Effective performance tuning begins with identifying the root cause and pinpointing the layer where the bottleneck occurs, followed by selecting targeted optimization strategies.

The analysis roadmap is as follows:

Dimensions of bottleneck analysis

  • For server performance issues, you need to focus on hardware metrics such as CPU, memory, disk I/O, and BIOS configurations. You can identify bottlenecks by analyzing the collected data.
  • For network problems, binding NIC interrupts to cores can significantly improve the network performance.

Key points for Hive optimization

Hive performance is affected by query plans and Tez task execution. During the optimization, you need to analyze both the HiveServer run logs and GC logs. The HiveServer log path is /var/log/hive on the HiveServer node. Table 1 describes the key logs.

Table 1 Key log files

File

Description

hiveserver2.log

HiveServer run log

hiveserver2-gc-2019-12-30_22-27-02.log.0.current

HiveServer GC log

Hive optimization procedure

  1. Analyze the tables and files to be processed by SQL. Collect statistics on the number of files, data volume, number of records, file format, and compression format of the tables to be processed. Check whether there are more suitable file storage formats and compression formats, whether partitions or buckets can be used, and whether a large number of small files need to be merged before the executing the map task. If optimization is possible, proceed accordingly.
    1. Determine a more appropriate file storage format.

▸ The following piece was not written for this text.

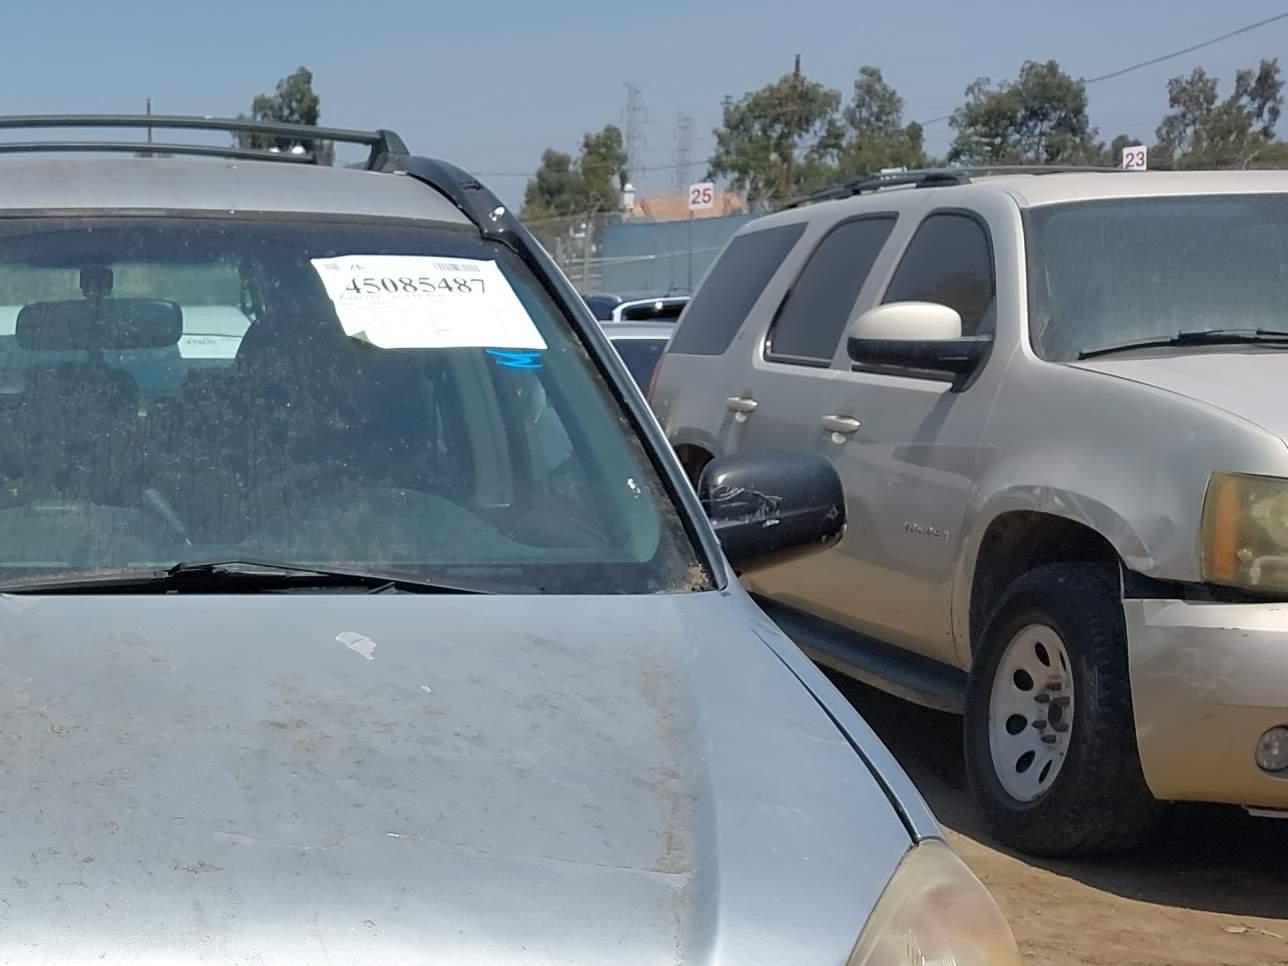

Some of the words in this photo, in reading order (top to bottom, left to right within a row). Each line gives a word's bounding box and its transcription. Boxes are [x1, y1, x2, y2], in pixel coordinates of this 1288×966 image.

[1125, 151, 1145, 168] 23
[691, 188, 712, 204] 25
[345, 276, 486, 294] 45085487
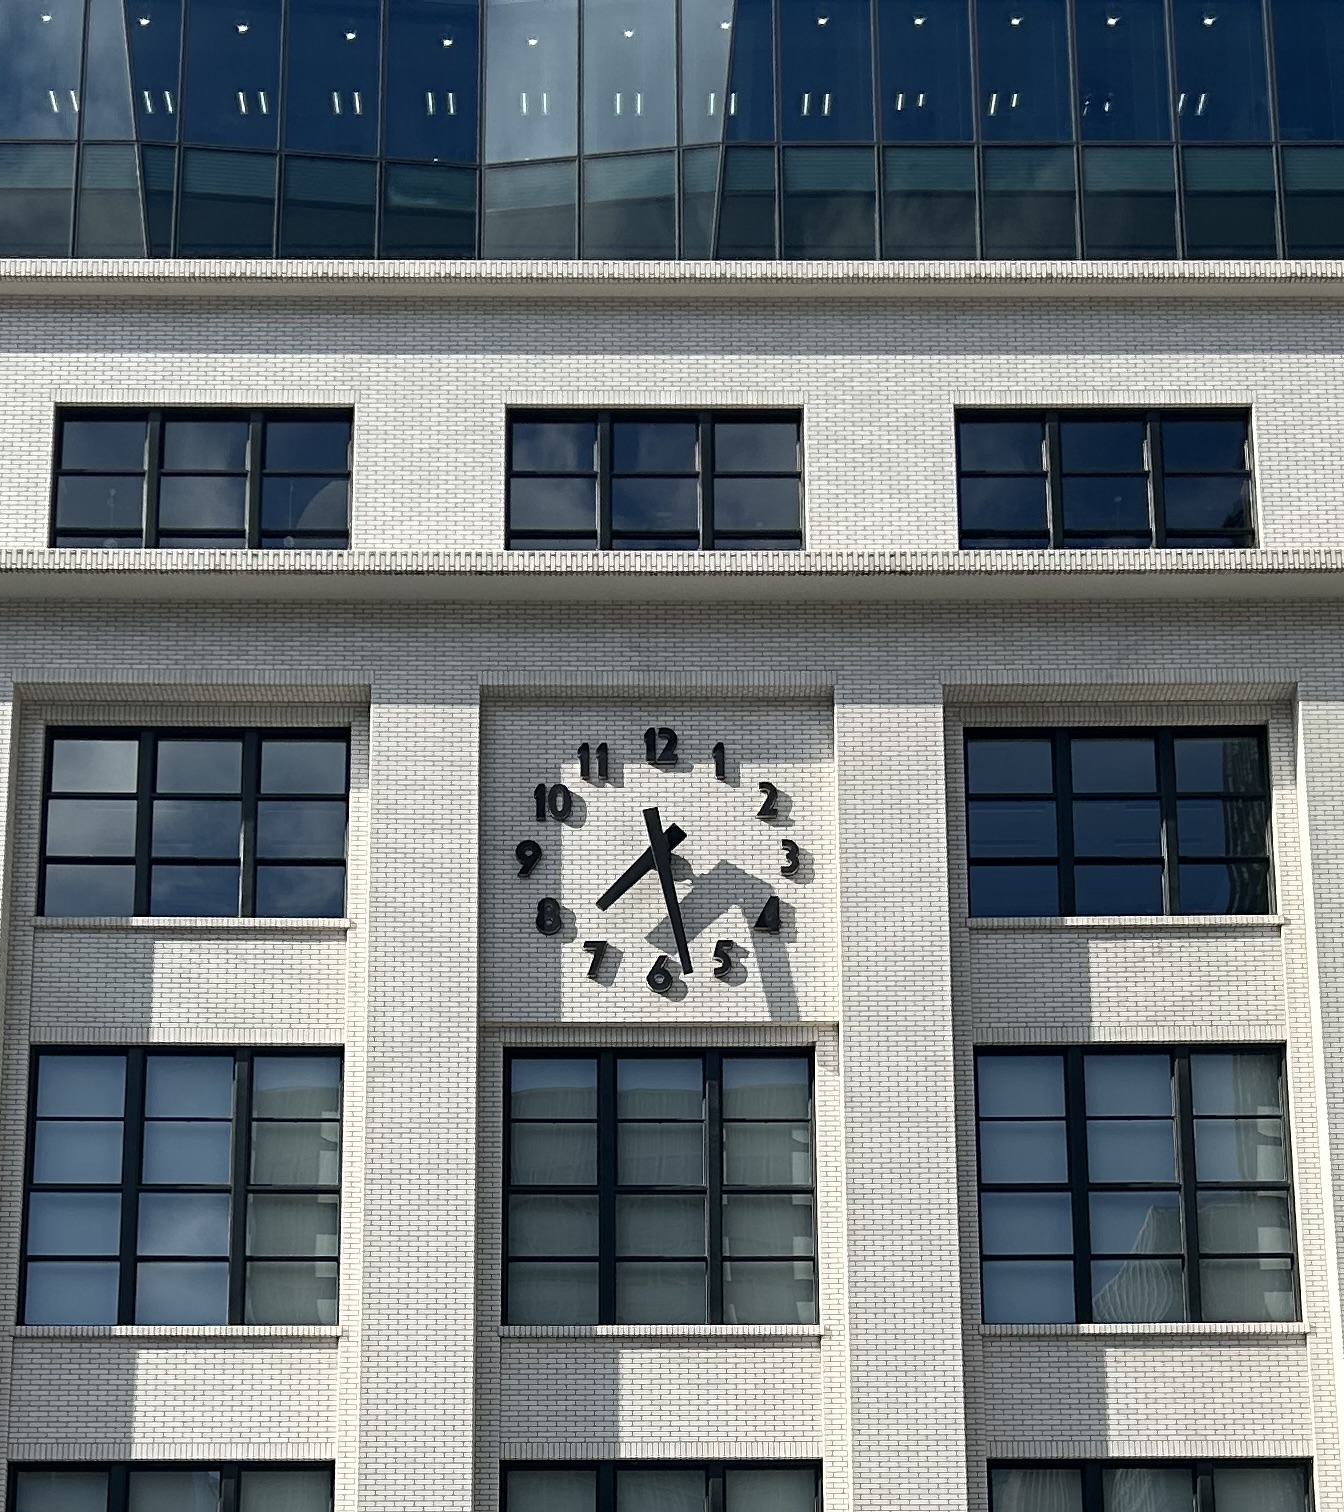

      In the current TPC Benchmark DS (TPC-DS) test, the ORC file storage format is used, which provides the optimal performance. This storage format is recommended.

    2. Determine a more appropriate compression format.

      In the current TPC-DS test, the Snappy data compression format is used in the map/reduce phase. This compression format provides optimal test performance currently. Therefore, this compression format is recommended.

    3. Determine whether partitions or buckets can be used.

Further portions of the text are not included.